You may have read that Social Security is at risk of having to cut benefits in the near future. And there’s a reason for that.
Social Security is facing a financial shortfall in the coming years as baby boomers retire in large numbers. That’s because Social Security gets most of its funding from payroll taxes. But if there are fewer workers, that revenue stream will shrink.
Compounding the issue is that as baby boomers retire, they’ll also inevitably start claiming benefits themselves. That’s apt to put a strain on Social Security’s limited financial resources, paving the way to potential benefit cuts.

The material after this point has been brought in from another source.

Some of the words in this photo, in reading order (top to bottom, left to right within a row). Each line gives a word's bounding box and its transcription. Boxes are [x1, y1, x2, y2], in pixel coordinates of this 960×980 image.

Lawmakers don’t want to see those cuts happen, though, as they could potentially fuel a widespread senior poverty crisis. So they’ve been tasked with coming up with solutions to prevent Social Security cuts.
One idea is to get rid of the wage cap for Social Security tax purposes. But that solution may not be effective as one might think.

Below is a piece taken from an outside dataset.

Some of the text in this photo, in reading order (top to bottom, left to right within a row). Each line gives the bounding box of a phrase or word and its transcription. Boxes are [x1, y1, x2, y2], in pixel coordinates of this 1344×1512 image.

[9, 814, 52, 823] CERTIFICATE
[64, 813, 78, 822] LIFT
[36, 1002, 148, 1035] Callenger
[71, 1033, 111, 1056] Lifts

How the Social Security wage cap works
As mentioned above, Social Security is primarily funded by payroll taxes. But workers don’t automatically pay those taxes on every dollar they make.

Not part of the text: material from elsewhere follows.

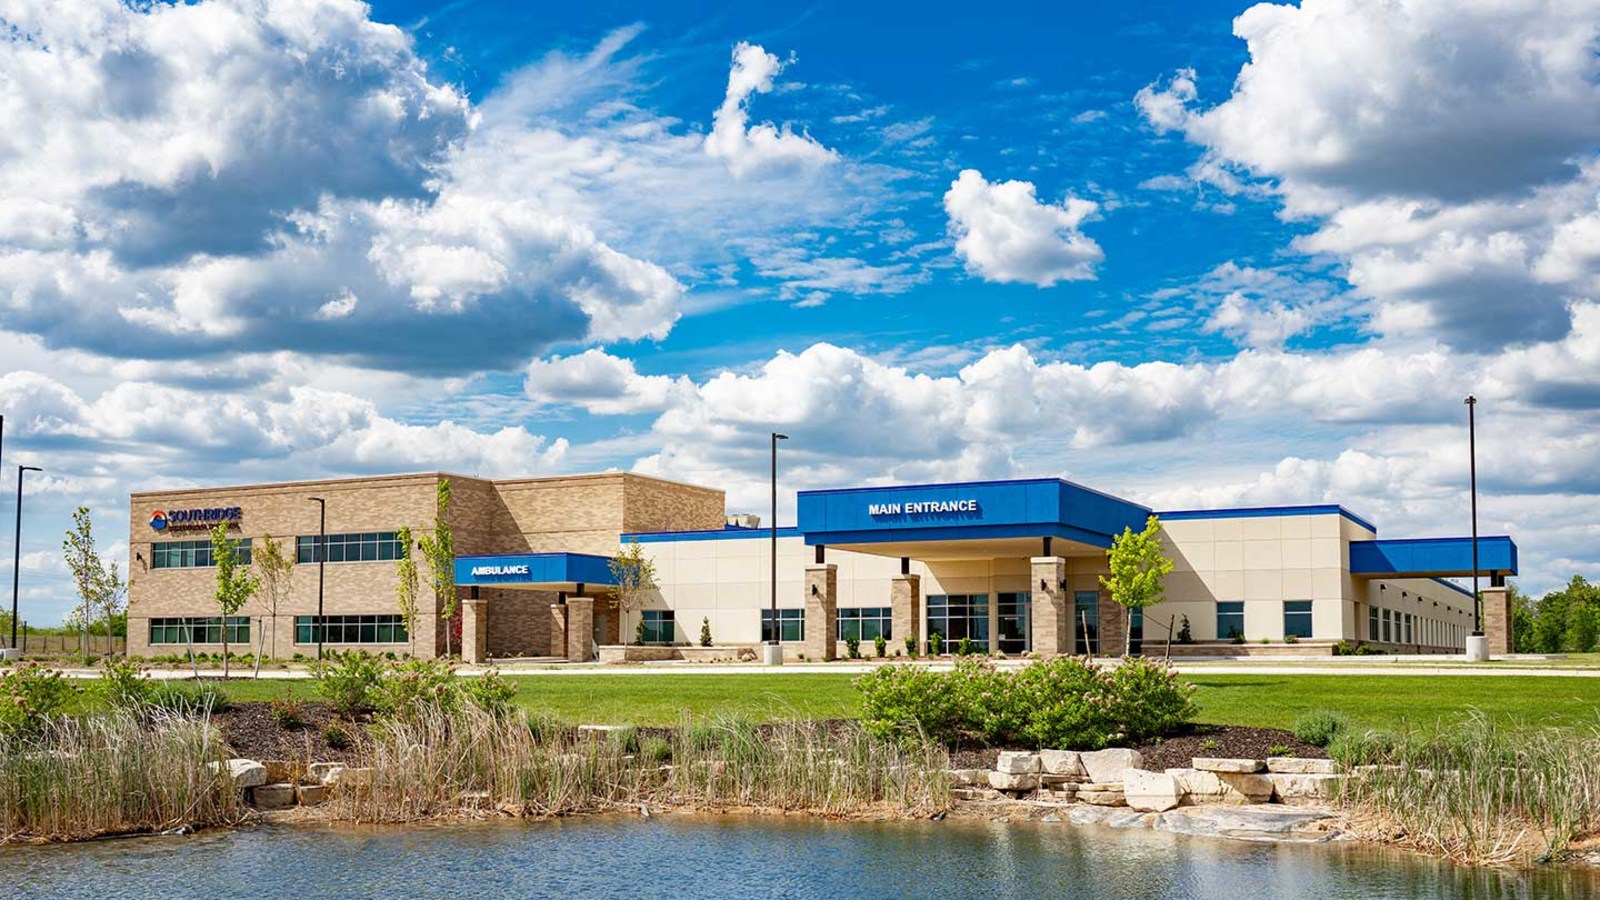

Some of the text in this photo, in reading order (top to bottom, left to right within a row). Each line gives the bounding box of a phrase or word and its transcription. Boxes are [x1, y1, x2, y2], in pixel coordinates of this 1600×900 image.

Each year, there’s a wage cap established that determines how much income is taxed to fund Social Security. This year, that cap is $176,100. It’s likely to keep rising over time.
Some say that lifting the wage cap is a great way to pump more money into Social Security. But it’s not that simple.
A limited impact — and questions raised
In this Reddit post, a user points out that according to the Social Security Administration, the wage cap only impacts about 6% of earners. So getting rid of that cap could result in a lot more revenue for Social Security without impacting the majority of workers.
That may be true. But because the wage cap only affects a small subset of workers, it may not be the most effective solution to Social Security’s financial woes.
There’s also another side of the coin to consider. Social Security has a maximum monthly benefit it pays retirees each month. And that maximum benefit is tied to the program’s wage cap.
If the wage cap is done away with, though, it’s unclear as to how Social Security will make higher earners whole on the extra money they’re putting in. If all other workers have their benefits calculated based on a specific formula, it seems pretty unfair to not use that same formula for people with higher salaries.
Also, it’s hard to ignore the fact that wealthy people tend to have a lot of political influence. Lawmakers may be hesitant to eliminate the wage cap for fear of angering their supporters.
For these reasons, lawmakers may not rush to lift the Social Security wage cap. But they do need to do something to keep the program solvent and prevent benefit cuts.
Thankfully, there are solutions they can look into that include raising full retirement age. Or it might take a more creative solution to address the problem. But eliminating the wage cap may not be optimal.
If you’re a higher earner who’s worried about the Social Security wage cap being eliminated, you may want to talk to a financial advisor. They can help you plan for that possibility, just in case.